We have read with a lot of interest the article by Dossarps and associates. First of all, we would like to congratulate the authors for conducting such a thorough study, because they explore a very important topic. Intravitreal injections of anti–vascular endothelial growth factor (anti-VEGF) have caused a huge revolution in treatment of a variety of conditions. At present the number of intravitreal injections is increasing all over the world. Between 1997 and 2001, fewer than 5000 intravitreal injections were performed annually, whereas more than 800 000 were performed in 2007 worldwide. The first injection of anti-VEGF in our hospital’s University Clinic Center in Tuzla, Bosnia and Herzegovina, was performed back in 2006; since then, each year we have performed an increasing number of injections. It is expected that in the near future, given the increasing number of applications of anti-VEGF, the overall number of endophthalmitis cases will increase as well. Currently ranibizumab and aflibercept are labeled for intravitreal use, while bevacizumab is still being used “off-label.” All over the world, bevacizumab is the most frequently used intravitreal anti-VEGF because of its very low price.

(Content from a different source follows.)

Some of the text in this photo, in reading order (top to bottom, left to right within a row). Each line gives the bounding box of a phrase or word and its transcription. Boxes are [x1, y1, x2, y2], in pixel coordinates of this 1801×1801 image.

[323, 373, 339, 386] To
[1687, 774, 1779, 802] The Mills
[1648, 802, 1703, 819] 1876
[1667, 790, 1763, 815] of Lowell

However, we have a few queries regarding the methodology. Dossarps and associates failed to explain whether they divided the large volume of bevacizumab into the smaller units that are suitable for single-use intravitreal doses. Usually bevacizumab comes in preservative-free 100 mg/4 mL vials. This monoclonal antibody is approved by the US Food and Drug Administration to be used in metastatic tumors in breast, colon, and non–small cell lung cancer. It would be interesting to find out whether the bevacizumab vial for multiple injections increases the frequency of endophthalmitis. It is also not clear whether intravitreal bevacizumab injections were prepared by a qualified pharmacist in a pharmacy laboratory or elsewhere. For these reasons, we kindly ask the authors to present the data regarding these issues.

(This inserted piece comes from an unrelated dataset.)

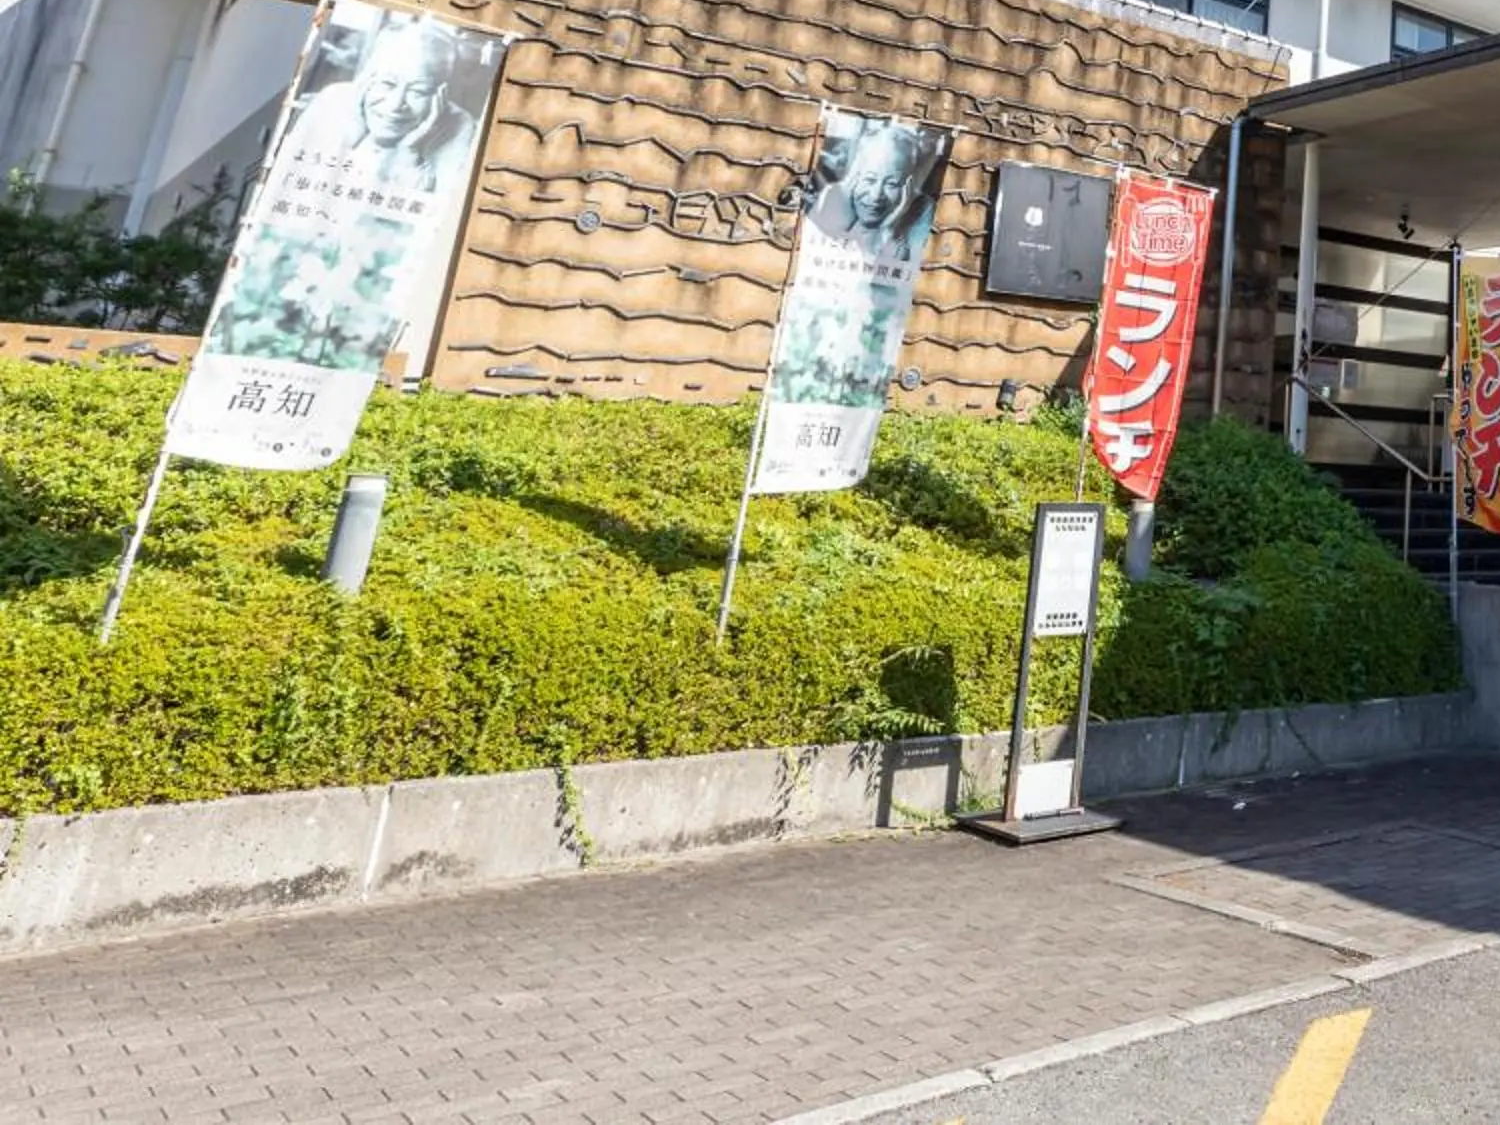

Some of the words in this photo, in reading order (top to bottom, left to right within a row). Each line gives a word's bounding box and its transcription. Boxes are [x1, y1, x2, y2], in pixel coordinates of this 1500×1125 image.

Also, it is not clear from the article whether any of these intravitreal injections were performed by ophthalmology residents or only by ophthalmologists. According to the article by Falavarjani and associates, the risk of endophthalmitis after resident intravitreal injection is low and similar to when supervising surgeons perform the procedure. We believe that residents should be educated during their third or fourth year of residency regarding intravitreal injections.

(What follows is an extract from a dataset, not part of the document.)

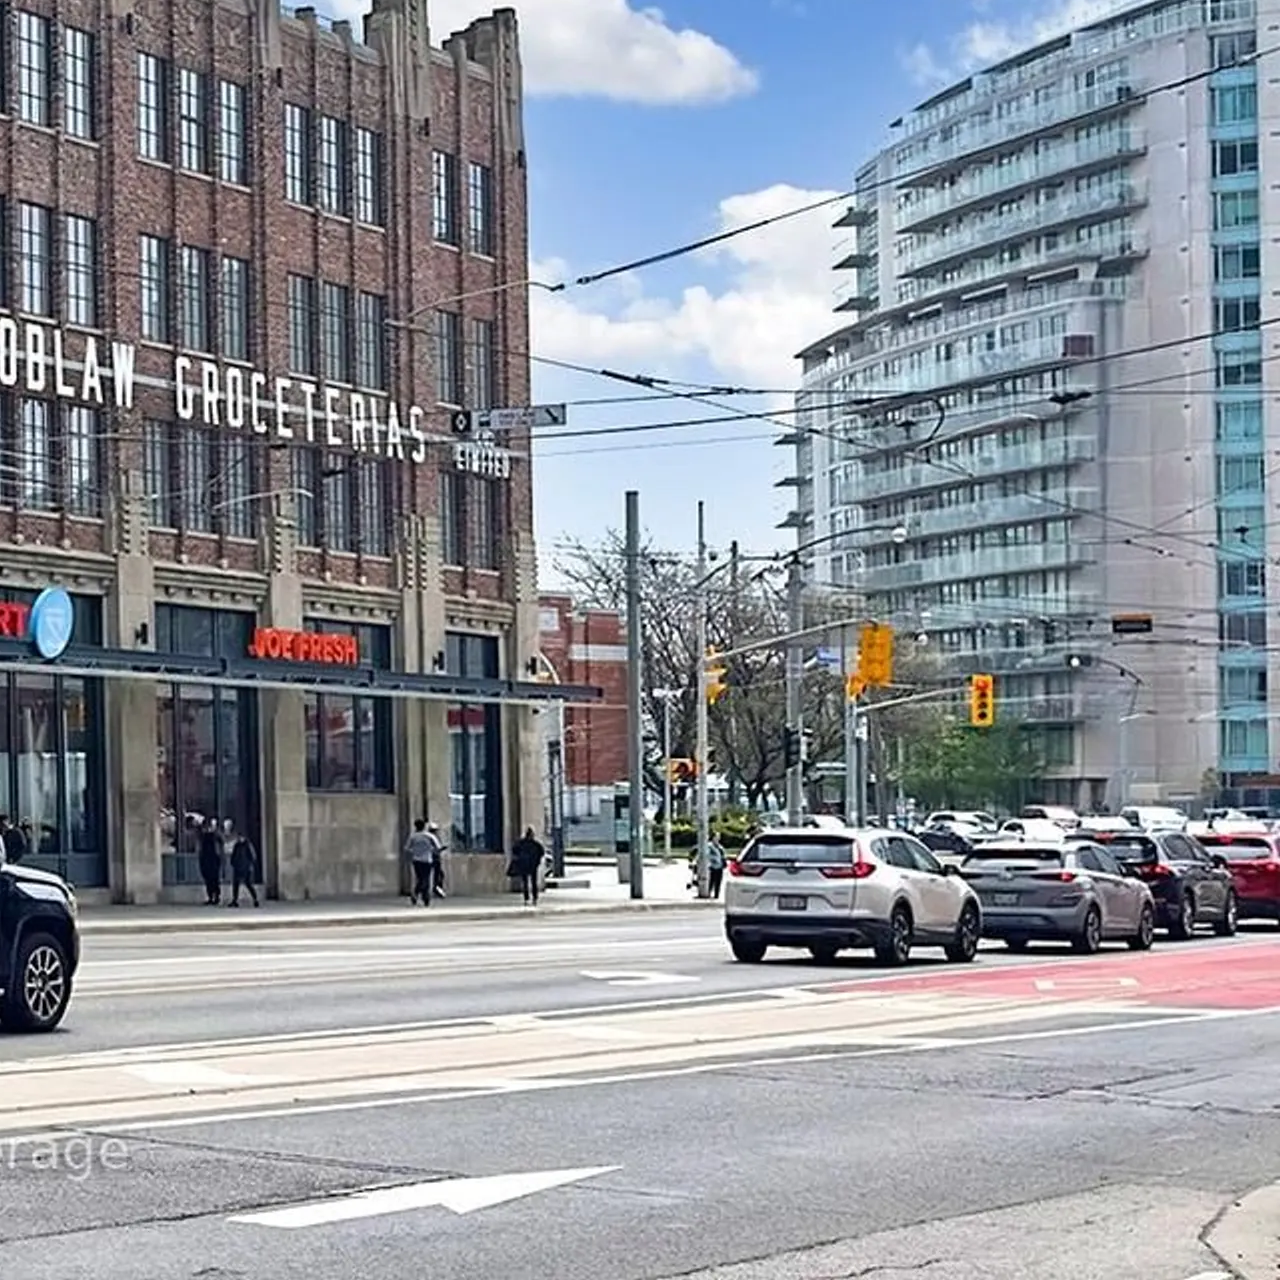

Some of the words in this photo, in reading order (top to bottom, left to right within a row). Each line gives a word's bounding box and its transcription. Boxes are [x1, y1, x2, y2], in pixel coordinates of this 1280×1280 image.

[175, 355, 426, 464] GROCETERIAS
[248, 627, 298, 661] JOE
[299, 631, 360, 665] FRESH

Finally, we conclude that endophthalmitis remains an infrequent but very severe complication of intravitreal injections. Diverse steps have been taken in an attempt to reduce the risk of intravitreal injection–associated endophthalmitis. With a use of strict protocols, we could reduce the incidence of infection. Apart from this, it is necessary to establish guidelines regarding the intravitreal injection procedure and technique that would give us the best possible results.